▶ **Task item**
The output must match the entries below exactly, with pictures removed.

+++ Dataset excerpts

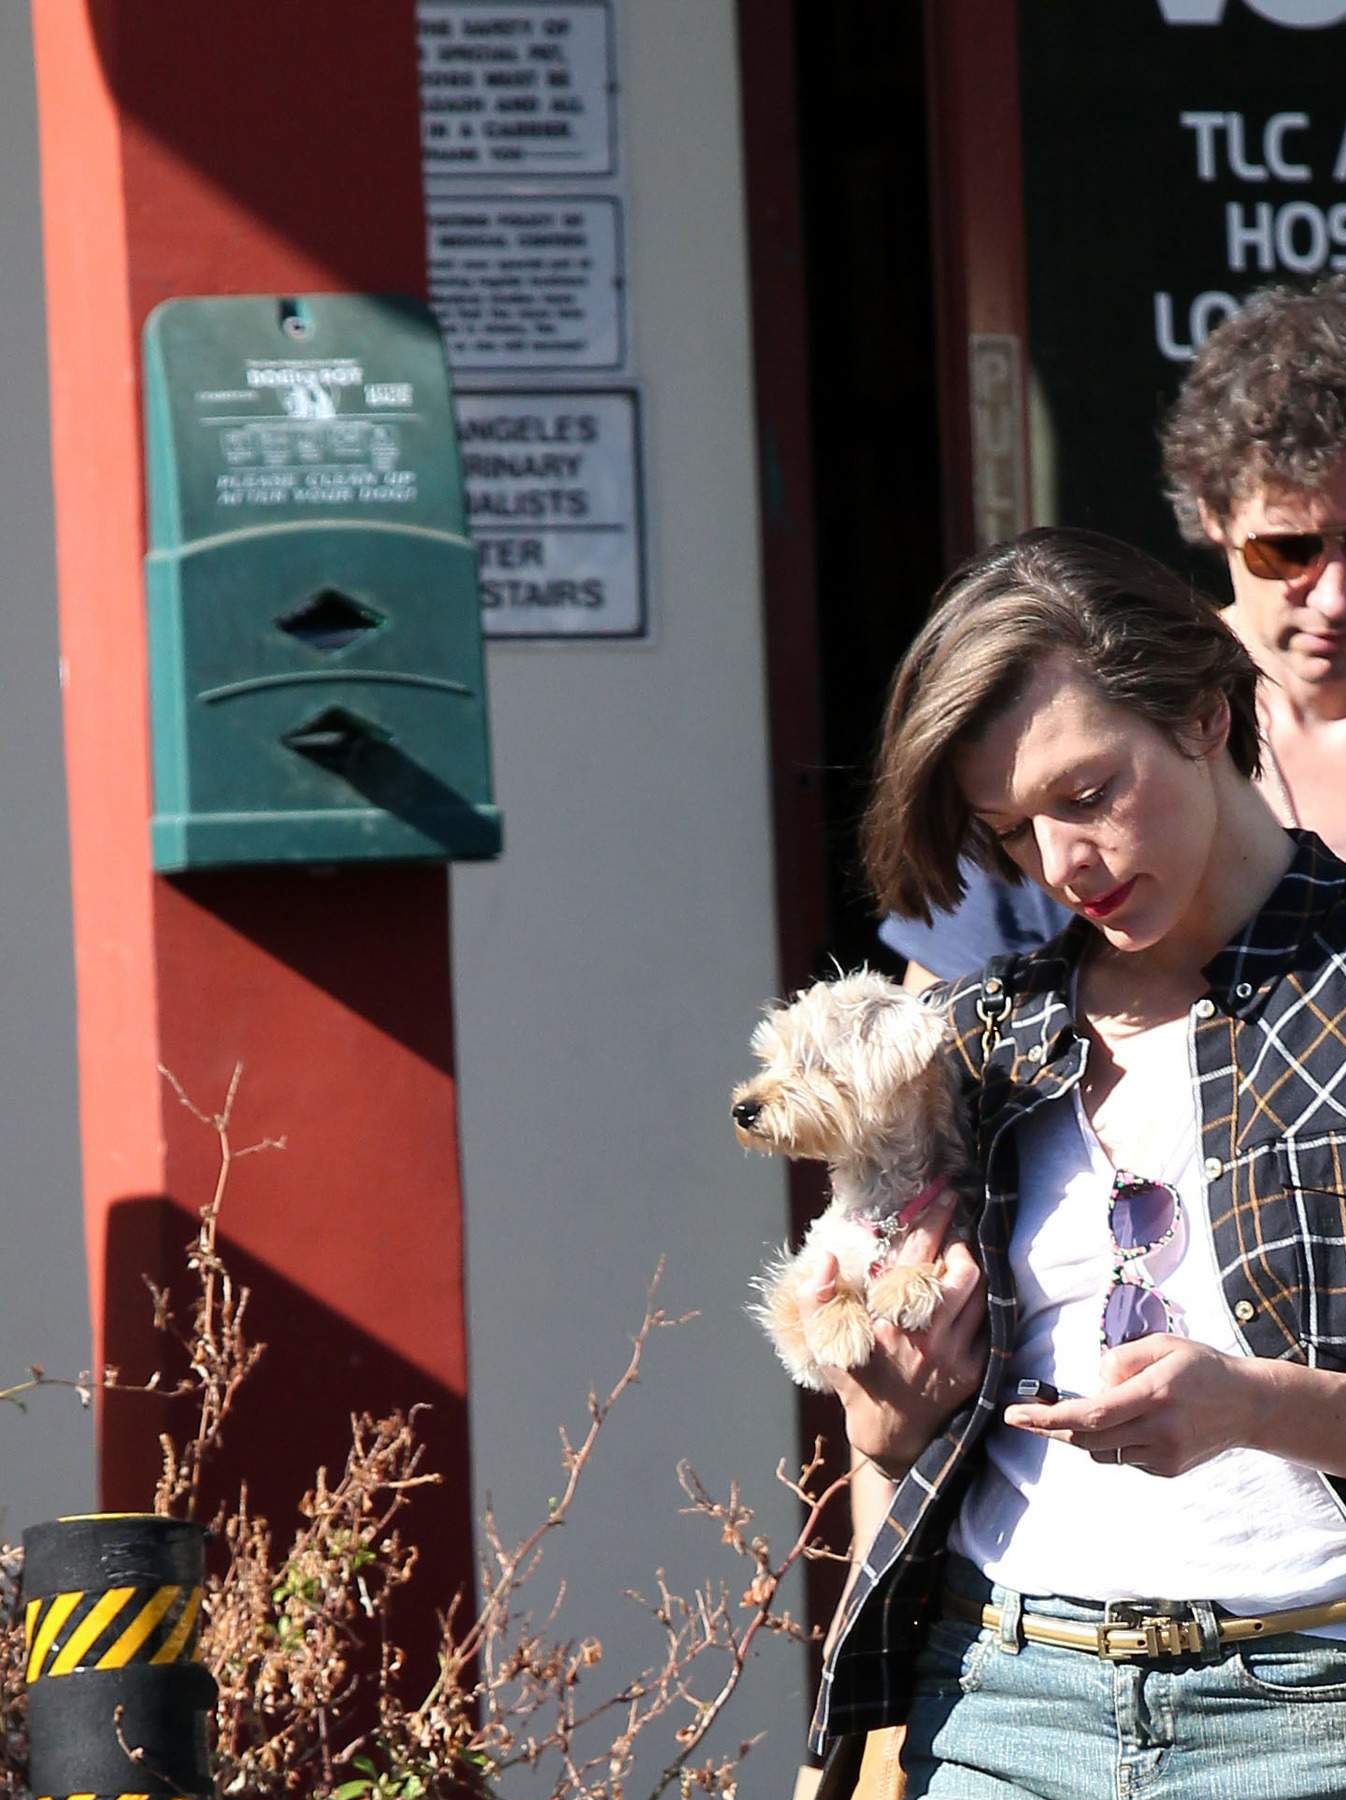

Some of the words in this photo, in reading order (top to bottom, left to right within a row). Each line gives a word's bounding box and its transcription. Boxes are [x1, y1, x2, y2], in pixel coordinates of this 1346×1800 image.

[1180, 111, 1312, 182] TLC
[1154, 292, 1240, 362] LO
[462, 453, 581, 477] RINARY
[465, 489, 590, 517] IALISTS
[479, 578, 606, 610] STAIRS
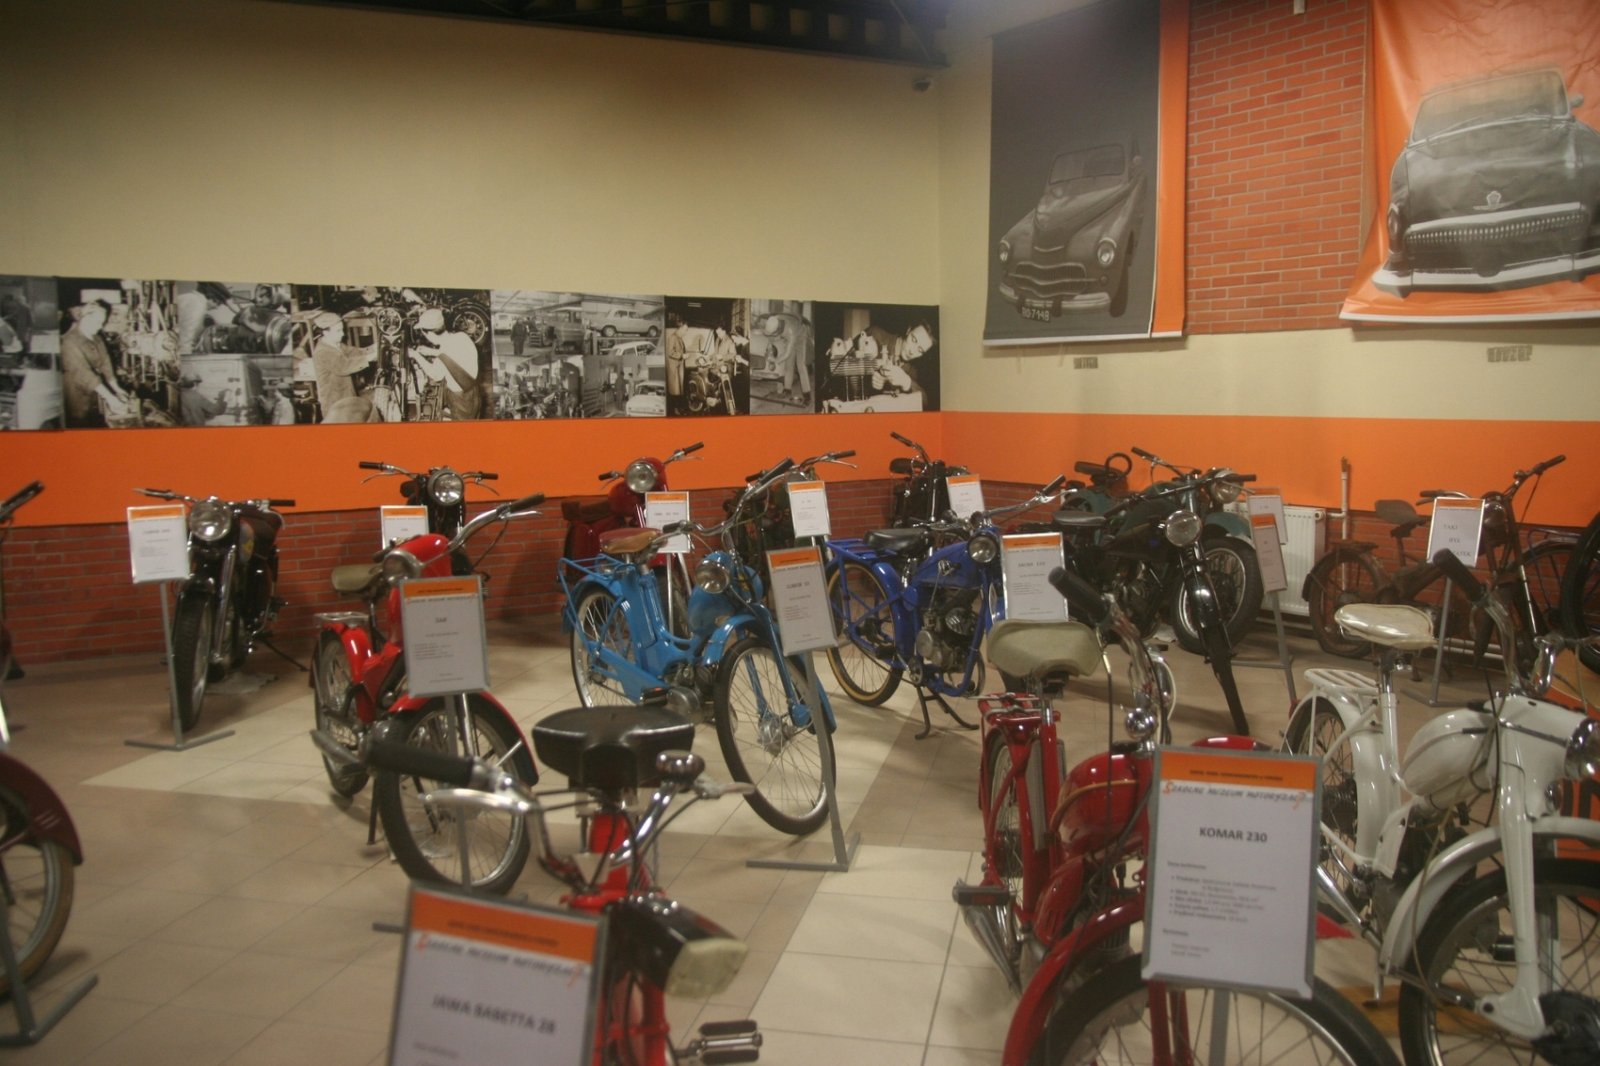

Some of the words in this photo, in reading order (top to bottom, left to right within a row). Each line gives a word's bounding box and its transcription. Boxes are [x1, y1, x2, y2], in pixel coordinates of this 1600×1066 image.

[1208, 785, 1244, 797] MUZEUM
[1199, 827, 1244, 841] KOMAR
[1246, 831, 1268, 843] 230
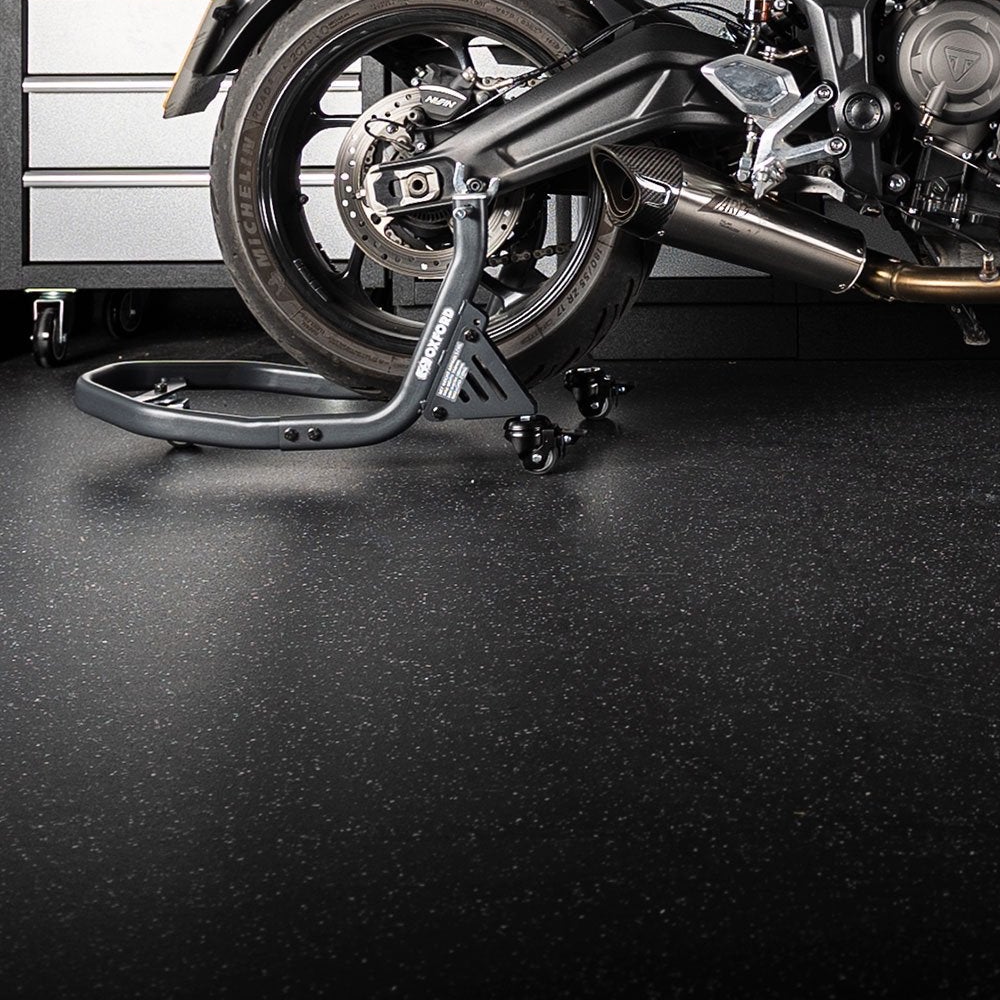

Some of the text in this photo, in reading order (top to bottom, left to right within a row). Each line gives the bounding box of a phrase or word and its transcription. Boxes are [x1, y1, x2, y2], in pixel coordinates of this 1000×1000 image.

++++++

▶ **Task solution**
Some of the words in this photo, in reading order (top to bottom, left to right within a row). Each line gives a word's bounding box and its transcription. Boxes are [x1, y1, x2, y2], in pixel coordinates of this 1346×1800 image.

[1180, 111, 1312, 182] TLC
[1154, 292, 1240, 362] LO
[462, 453, 581, 477] RINARY
[465, 489, 590, 517] IALISTS
[479, 578, 606, 610] STAIRS

Some of the words in this photo, in reading order (top to bottom, left to right within a row). Each line gives a word's bounding box and its transcription. Boxes are [x1, y1, x2, y2], in pixel coordinates of this 1600×1066 image.

[1208, 785, 1244, 797] MUZEUM
[1199, 827, 1244, 841] KOMAR
[1246, 831, 1268, 843] 230

Some of the text in this photo, in reading order (top to bottom, left to right within a row). Each line gives the bounding box of a phrase or word and its transcription. Boxes are [x1, y1, x2, y2], in pixel coordinates of this 1000×1000 image.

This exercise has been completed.